UK Wage Growth Strongest Since Global Crisis; Employment At Record High
UK wages grew at the fastest pace since the 2008-09 global financial crisis and employment reached a record high in the second quarter, despite contraction in the economy, data from the Office for National Statistics revealed Tuesday.
Total average weekly pay grew 3.7 percent in the year to June to GBP 538. This was the strongest growth rate seen since June 2008 and was in line with expectations.
Excluding bonus, average pay climbed 3.9 percent, also the fastest since June 2008, and exceeded the forecast of 3.8 percent.
Wage growth data suggests that it may be too early to be talking about Bank of England rate cuts, although as ever, it all depends on Brexit, James Smith, an ING economist, said.
In the three months to June, employment increased by 115,000 to reach a record 32.81 million. The ONS said employment has been on an upward trend since 2011. The employment rate remained unchanged at 76.1 percent.
The jobless rate increased by 0.1 percentage points on the quarter to 3.9 percent in the three months to June. Economists had forecast the rate to remain unchanged at a 44-year low of 3.8 percent. The number of people out of work rose by 31,000 to 1.33 million.

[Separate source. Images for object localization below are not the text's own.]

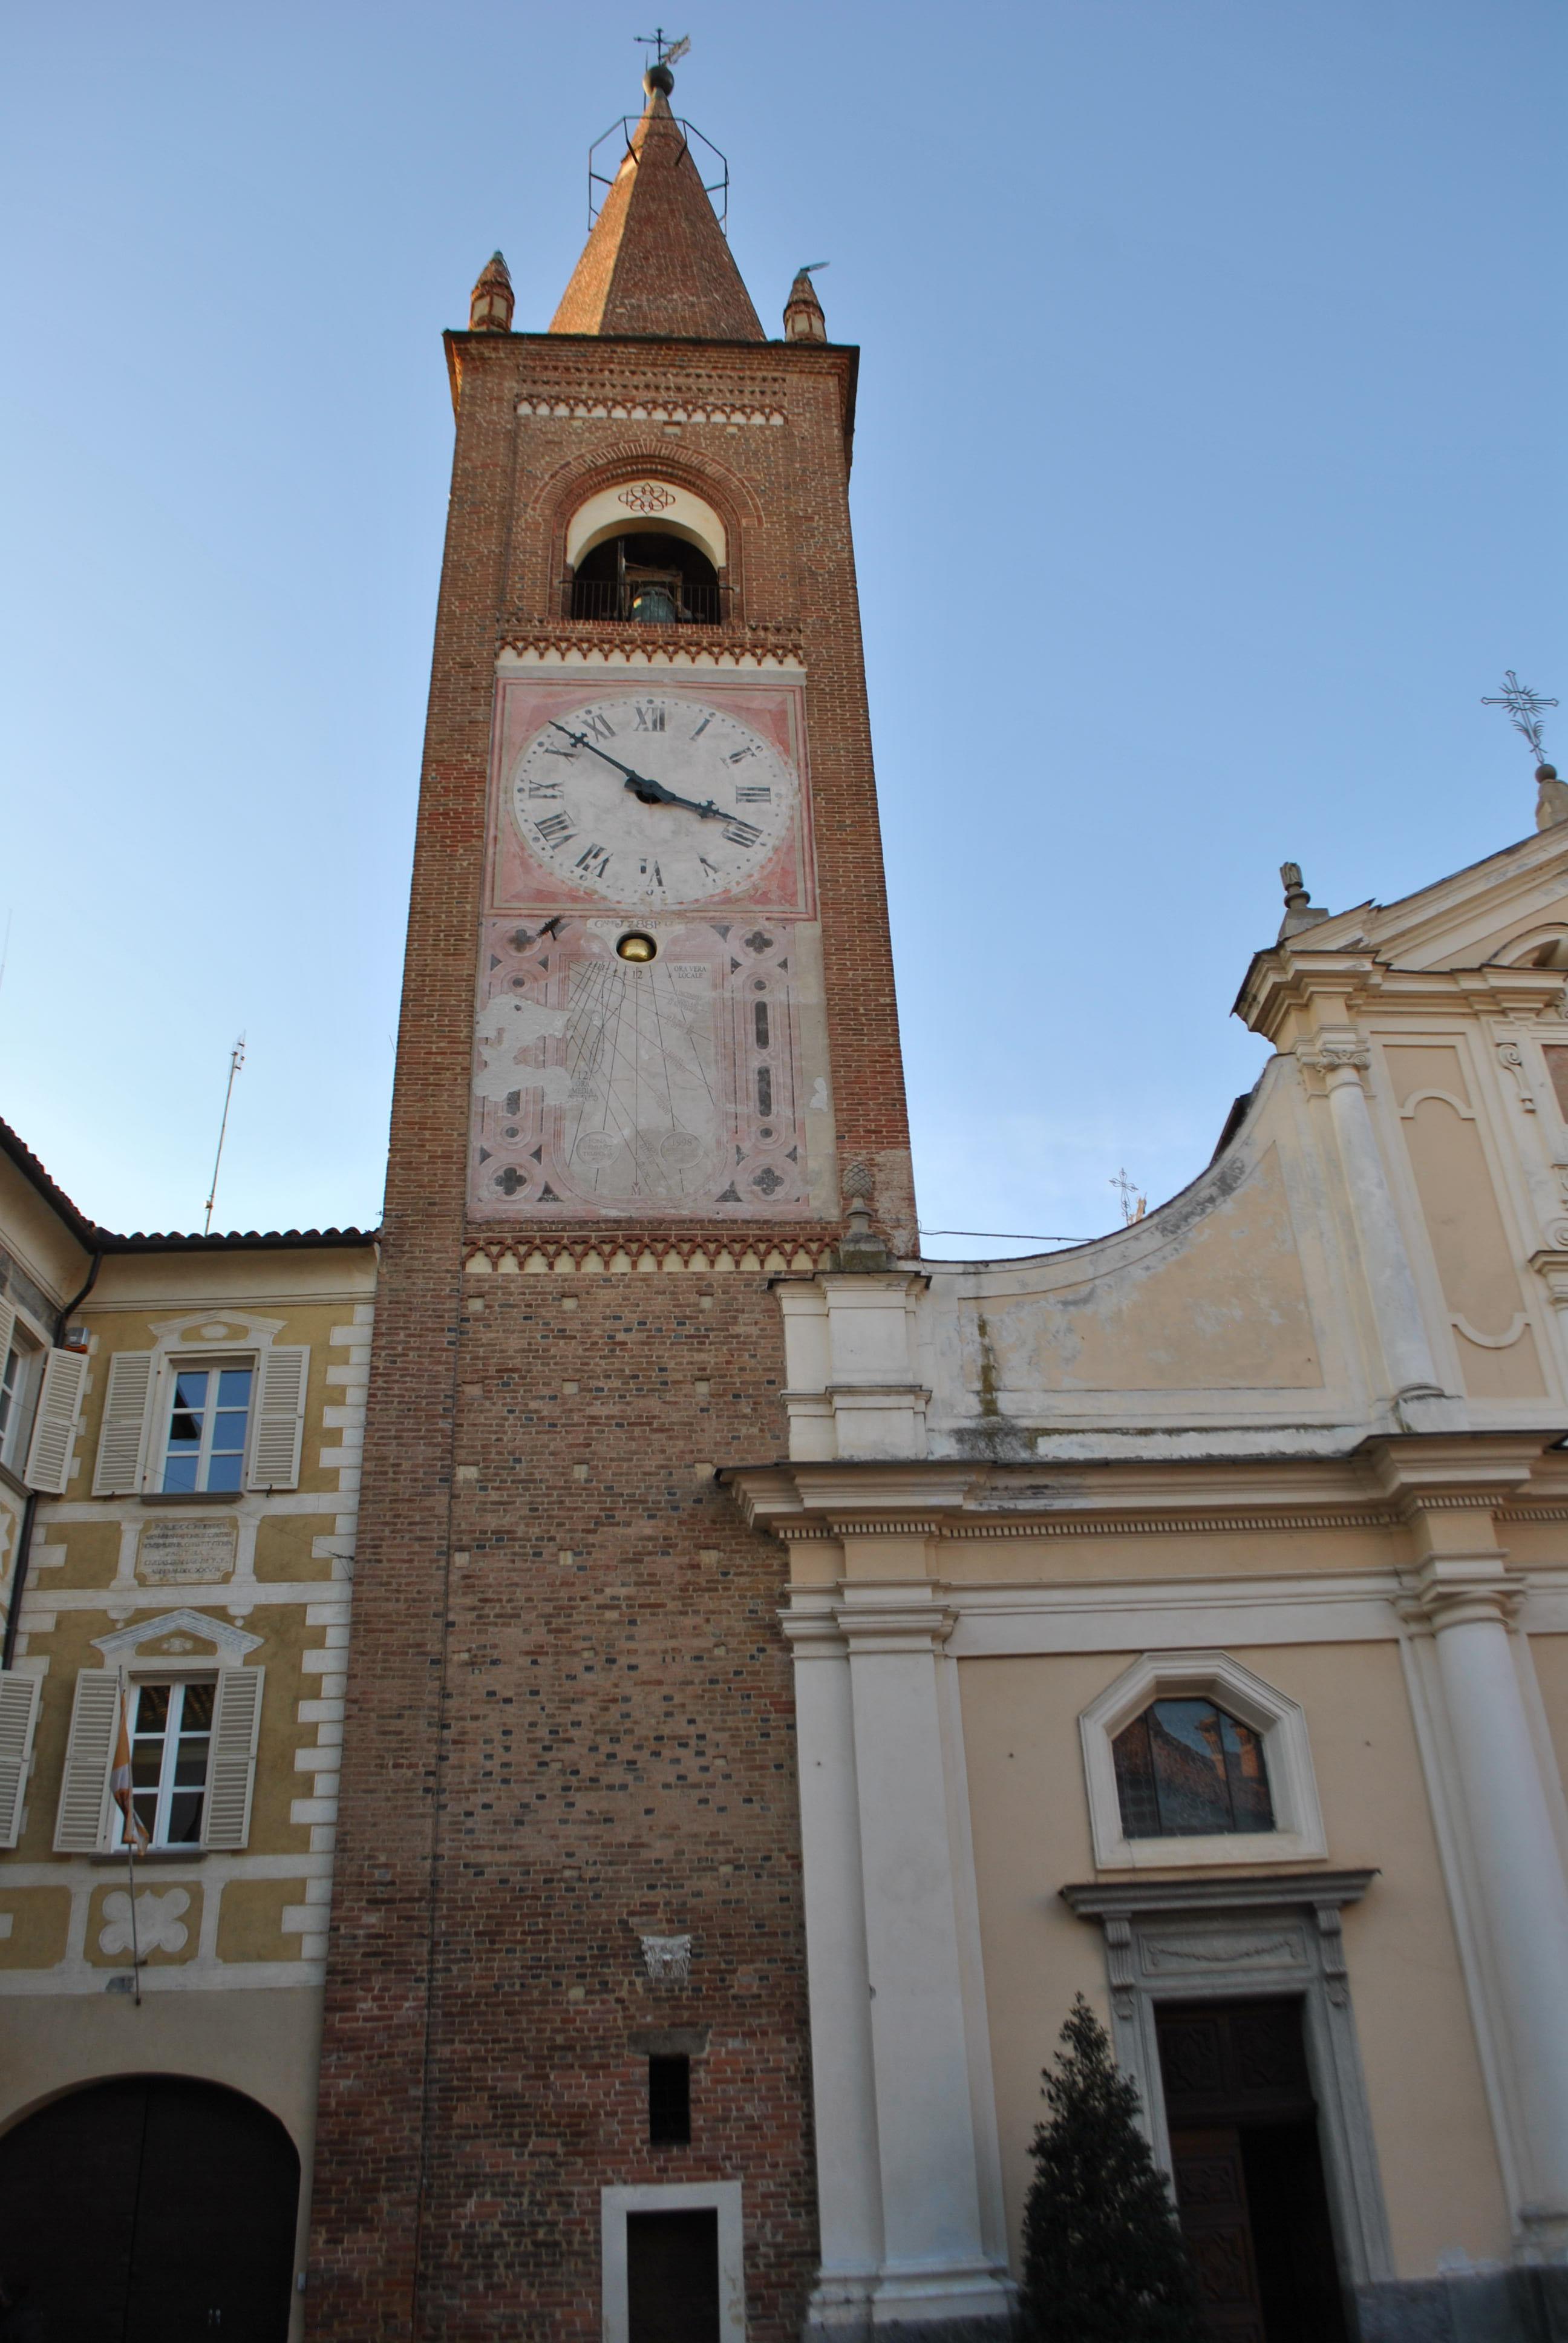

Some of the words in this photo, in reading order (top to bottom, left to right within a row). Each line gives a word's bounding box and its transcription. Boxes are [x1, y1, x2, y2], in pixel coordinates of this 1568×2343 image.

[582, 714, 617, 742] XI
[633, 706, 666, 732] XII
[544, 742, 580, 766] X
[529, 780, 564, 799] IX
[736, 786, 771, 804] III
[632, 970, 642, 979] 12
[578, 1070, 588, 1080] 12
[630, 1185, 642, 1196] M

In July, the claimant count rate held steady at 3.2 percent. The number of people claiming jobseekers' allowance increased by 28,000 from June.
Another report from ONS showed that output per hour, the main measure of labor productivity, fell 0.6 percent from last year. Output per worker also dropped 0.1 percent annually.

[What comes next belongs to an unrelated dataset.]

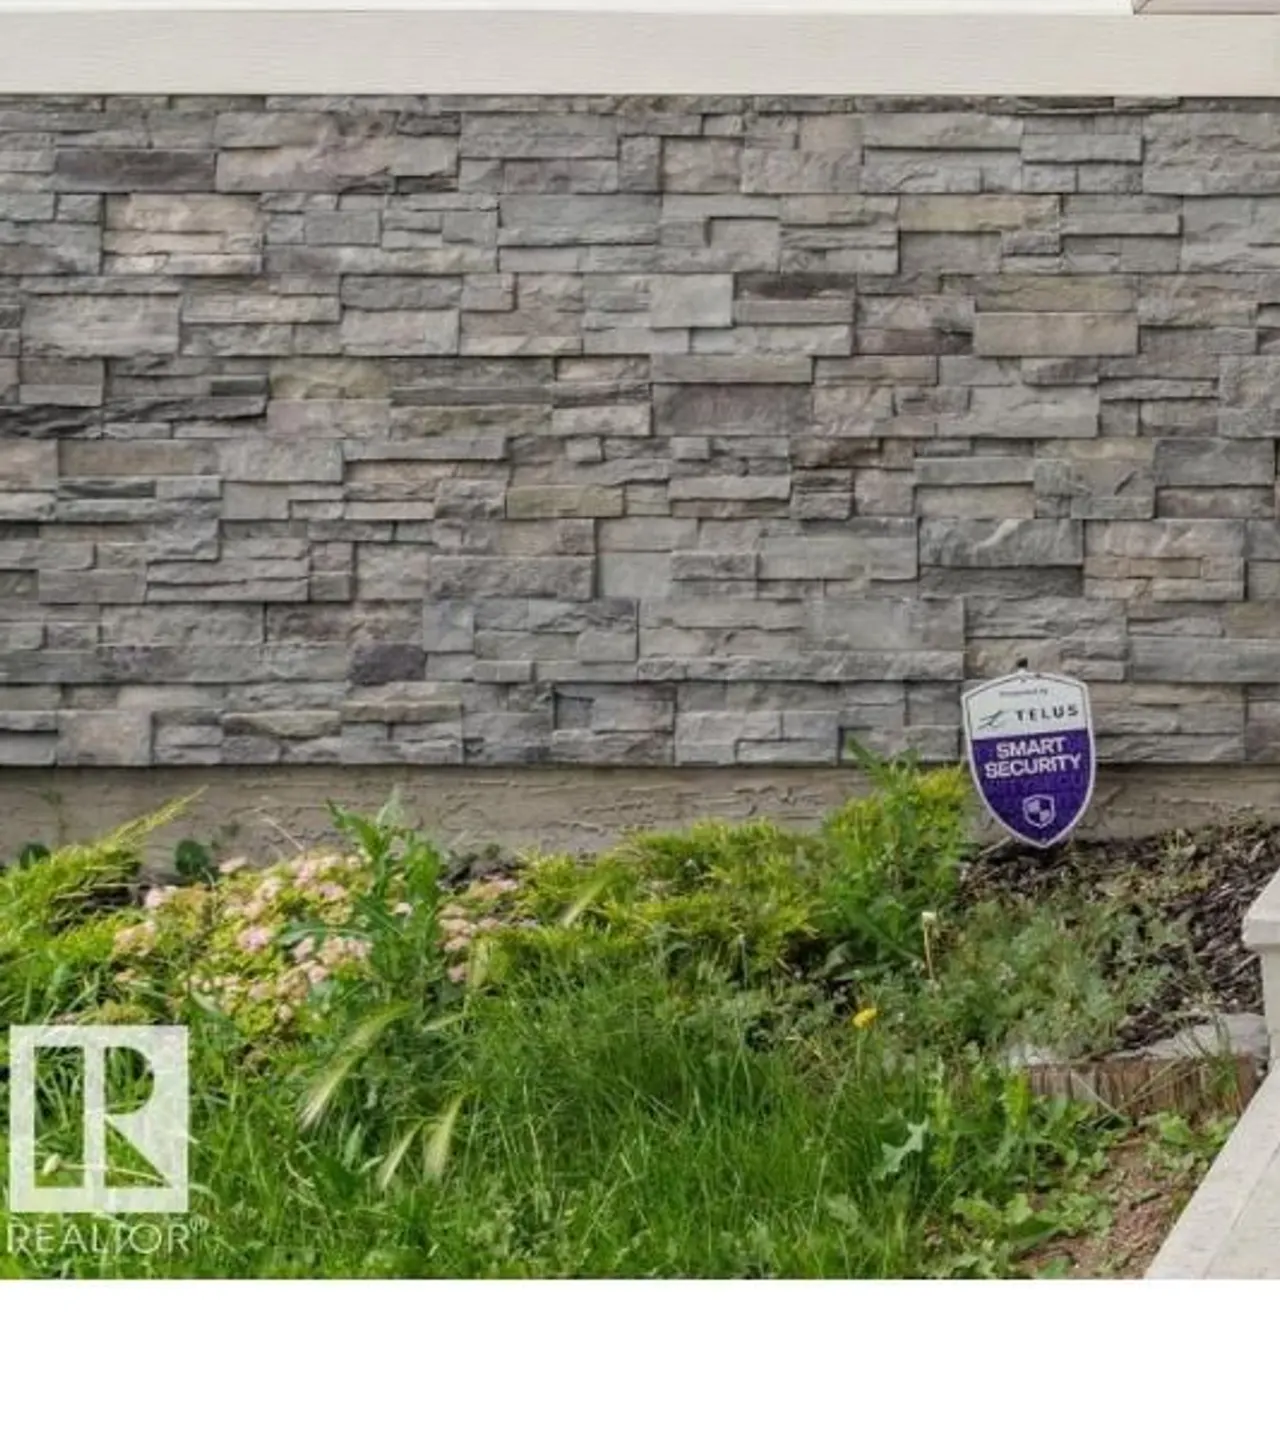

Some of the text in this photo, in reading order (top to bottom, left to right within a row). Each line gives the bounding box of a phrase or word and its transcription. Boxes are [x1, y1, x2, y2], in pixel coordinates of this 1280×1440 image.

Andrew Wishart, an economist at Capital Economics, said as output per hour fell for a fourth consecutive quarter, higher wage growth should push up unit labor costs and inflation even as it supports consumer spending.
As a result, if a no-deal Brexit is avoided, the economist still expects interest rates to rise next year. However, a hit to demand from a no-deal Brexit would cause the labor market to soften, justifying interest rate cuts, Wishart noted.